Procedures to admit mental health patients have already been changed in Leeds, following the tragedy.
Family GP Dr David Watson had referred Rakeim as a priority case to the Crisis Resolution Team at the Becklin Centre in Leeds owing to the 20-year-old’s increasingly bizarre behaviour.
Mrs Regan and uncle Anthony Johnson took him in desperation to the A&E department at St James’s Hospital, where he was assessed by nurse Tim Chippindale. He issued a sleeping tablet and advised he went home with his grandmother, saying staff would assess him at home the following morning.
The family claims they had wanted Rakeim to be sectioned and treated in hospital, but say they were informed there were no mental health beds available.
Hours later he stabbed his grandmother, a leading campaigner for Mothers Against Violence.
The inquest was told how Rakeim had smoked cannabis from the age of 13. He had also been devastated by the violent death of his uncle Danny in 2002.
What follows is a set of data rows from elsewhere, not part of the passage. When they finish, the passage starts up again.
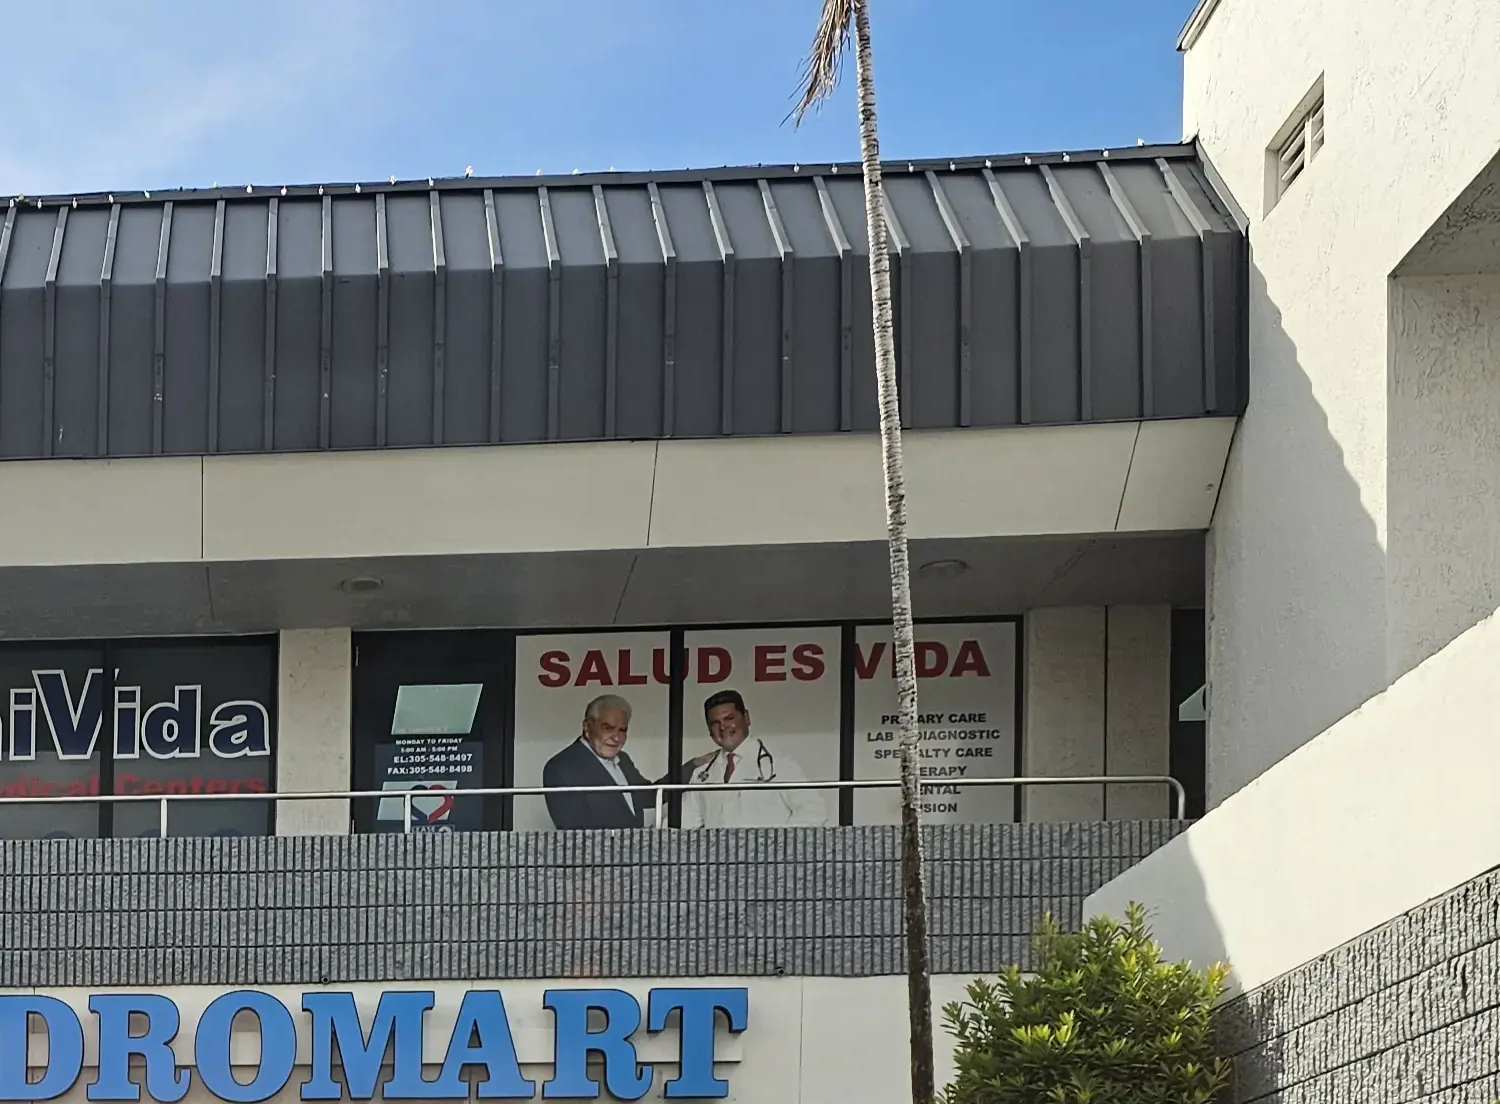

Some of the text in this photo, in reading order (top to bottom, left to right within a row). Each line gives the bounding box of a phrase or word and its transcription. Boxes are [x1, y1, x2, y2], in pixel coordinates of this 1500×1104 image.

[537, 640, 991, 688] SALUD ES VDA
[881, 713, 987, 725] PRARY CARE
[867, 732, 894, 742] LAB
[874, 747, 993, 760] SPEALTY CARE
[919, 766, 968, 776] ERAPY
[116, 773, 269, 796] Centers
[919, 803, 958, 813] ISION
West Yorkshire Coroner David Hinchliff, issuing a narrative verdict yesterday at Leeds Coroners Court, said: “Rakeim’s mental health was deteriorating further and his paranoia increasing.
“An assessment by a specialist registrar psychiatrist could have produced a differential diagnosis of paranoid schizophrenia. Then Rakeim could have been removed from his grandmother’s home. The outcome of which is that Pat would not have been unlawfully killed by stab wounds.
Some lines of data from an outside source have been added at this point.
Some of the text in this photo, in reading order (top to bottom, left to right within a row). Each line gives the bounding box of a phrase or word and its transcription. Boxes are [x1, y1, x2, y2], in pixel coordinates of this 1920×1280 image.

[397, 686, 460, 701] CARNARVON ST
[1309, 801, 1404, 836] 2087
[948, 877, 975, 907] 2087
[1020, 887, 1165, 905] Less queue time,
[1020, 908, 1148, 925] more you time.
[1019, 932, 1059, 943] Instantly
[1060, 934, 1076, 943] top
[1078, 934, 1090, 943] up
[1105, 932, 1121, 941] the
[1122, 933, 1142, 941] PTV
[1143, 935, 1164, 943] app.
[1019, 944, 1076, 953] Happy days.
“Rakeim was seriously mentally ill. The failure by those involved to have him assessed by a specialist registrar psychiatrist on two occasions at St James’s Hospital and again at Pat’s home, provides the causal connection with the events which led to the tragic incident.
“This is a double tragedy for the family. Not only have you lost Pat, but you have also at this time lost Rakeim, who is currently in secure treatment. I hope he will recover and secure his place back in the family.”
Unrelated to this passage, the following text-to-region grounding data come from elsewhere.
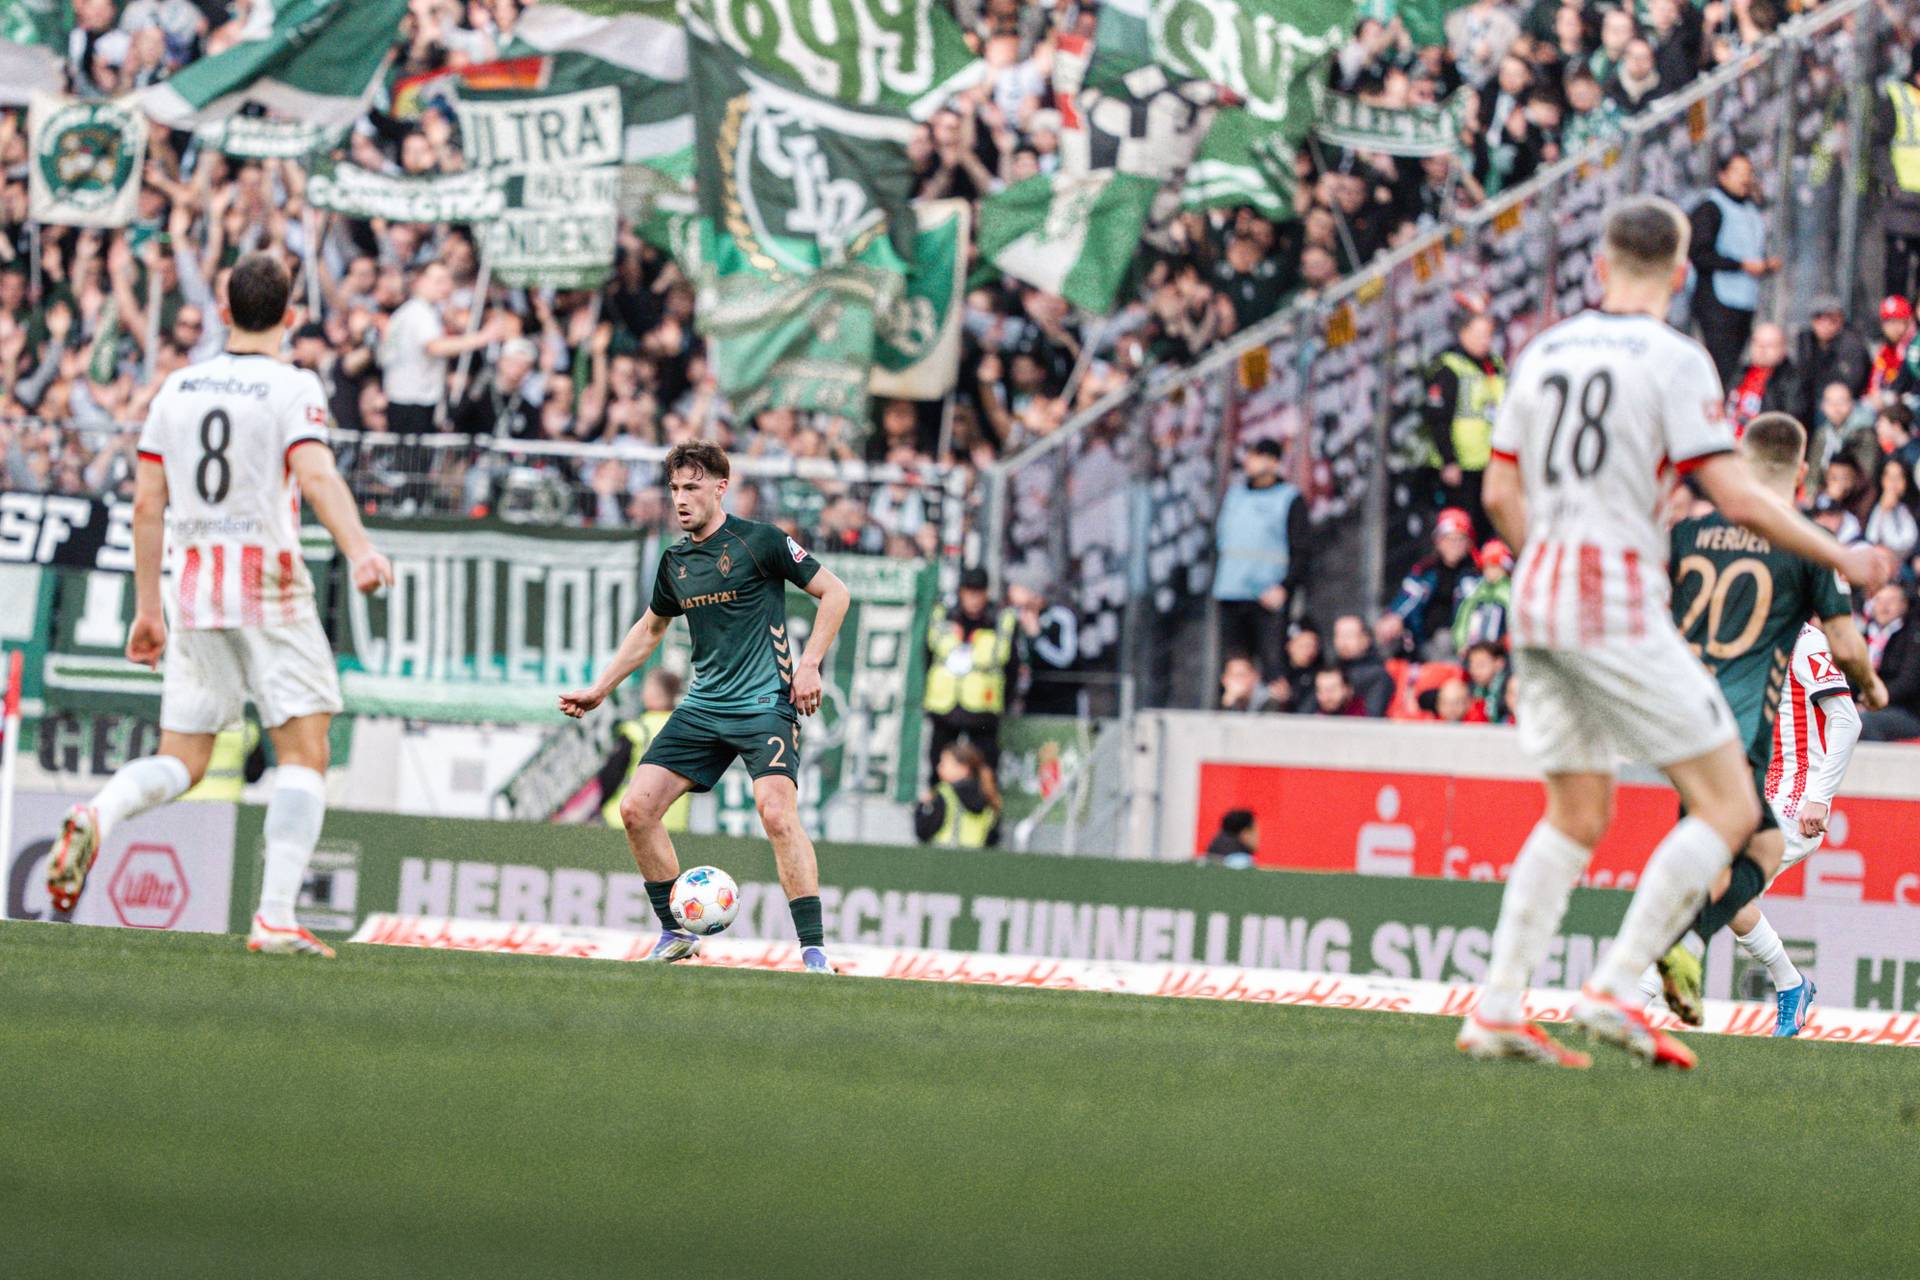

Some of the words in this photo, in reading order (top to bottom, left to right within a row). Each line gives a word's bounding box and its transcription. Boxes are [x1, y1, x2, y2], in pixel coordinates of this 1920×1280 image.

[196, 408, 231, 505] 8
[1541, 368, 1614, 486] 28
[1677, 554, 1774, 660] 20
[766, 735, 787, 768] 2
[971, 896, 1351, 975] TUNNELLING
Shane Fenton, speaking for the family, said afterwards: “It has taken four years but finally we have got to the truth of how Pat and Rakeim were failed by Leeds Mental Health Crisis Team. Had staff given Rakeim the medical help he so desperately needed, Pat would still be alive today. We hope lessons have been learnt so no other family has to go through what we have been through.”
Chris Butler, chief executive of the Leeds and York Partnership NHS Foundation Trust, said: “I’d like to extend our deepest sympathy to everyone affected by this tragic incident. It is always our aim to provide safe and reliable services. The assessment of Rakeim Regan in 2008 was carried out with the best of intentions by a single practitioner in order to provide a rapid response to an urgent situation.
“We fully accept the Coroner’s findings regarding the absence of on-call specialist doctors during the Trust’s interaction with Rakeim. We are committed to improving our services and have already changed our policy and procedures.”